Normalerweise werden die Verdächtigen dann auch genauer überprüft. Nicht durch uns, sondern durch andere Teile des Heeres. Aber in diesem Fall . . .
(Pause)
    Dr. Reinhard B. (SPD): Ja? Was war in diesem Fall? Fahren Sie bitte fort.
    Zeuge: Nun, in diesem Fall gab es später keine Personen mehr, die man hätte überprüfen können.
    Henning B. (SPD): Was meinen Sie damit?
    Zeuge: Sie wurden alle getötet. Wir . . . haben sie alle getötet: Männer, Frauen und Kinder.
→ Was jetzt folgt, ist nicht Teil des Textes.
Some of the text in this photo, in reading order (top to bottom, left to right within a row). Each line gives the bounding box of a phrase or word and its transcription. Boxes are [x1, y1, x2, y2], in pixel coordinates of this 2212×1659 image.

    Dr. Reinhard B. (SPD): Meine Damen und Herren. Bitte! Ich bitte um Ruhe. Frau Dr. F., bitte.
    Dr. Heidrun F. (CDU): Warum, in Gottes Namen, haben Sie all diese Menschen getötet?
    Zeuge: Ich . . . ich weiß es nicht.
    Dr. Heidrun F. (CDU): Sie wissen es nicht?
(Pause)
    Christian V. (CDU): Wie viele Menschen haben Sie getötet?
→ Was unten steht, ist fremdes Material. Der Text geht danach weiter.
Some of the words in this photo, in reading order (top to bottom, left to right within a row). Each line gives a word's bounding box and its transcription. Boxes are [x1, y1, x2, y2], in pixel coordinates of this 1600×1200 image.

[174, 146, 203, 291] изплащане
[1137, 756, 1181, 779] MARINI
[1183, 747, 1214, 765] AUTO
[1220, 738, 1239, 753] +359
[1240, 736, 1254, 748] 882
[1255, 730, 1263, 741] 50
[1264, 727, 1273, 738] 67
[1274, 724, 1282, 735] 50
    Zeuge: Ich weiß es nicht genau. Ich schätze, es waren etwa dreißig.
    Dr. Volker N. (PDS): Und Sie können uns nicht sagen, warum Sie dreißig Menschen getötet haben? Das ist doch Wahnsinn!
    Zeuge: Ja. Nein. Ich habe diese Menschen nicht allein erschossen. Es waren vier Kommandotrupps mit jeweils vier Mann im Einsatz. Wir hatten Zugstärke, sechzehn Mann unter meiner Führung. Und ich kann Ihnen nicht sagen, warum wir diese Menschen erschossen haben.
    Dr. Volker N. (PDS): Hat Ihnen jemand verboten, darüber zu reden?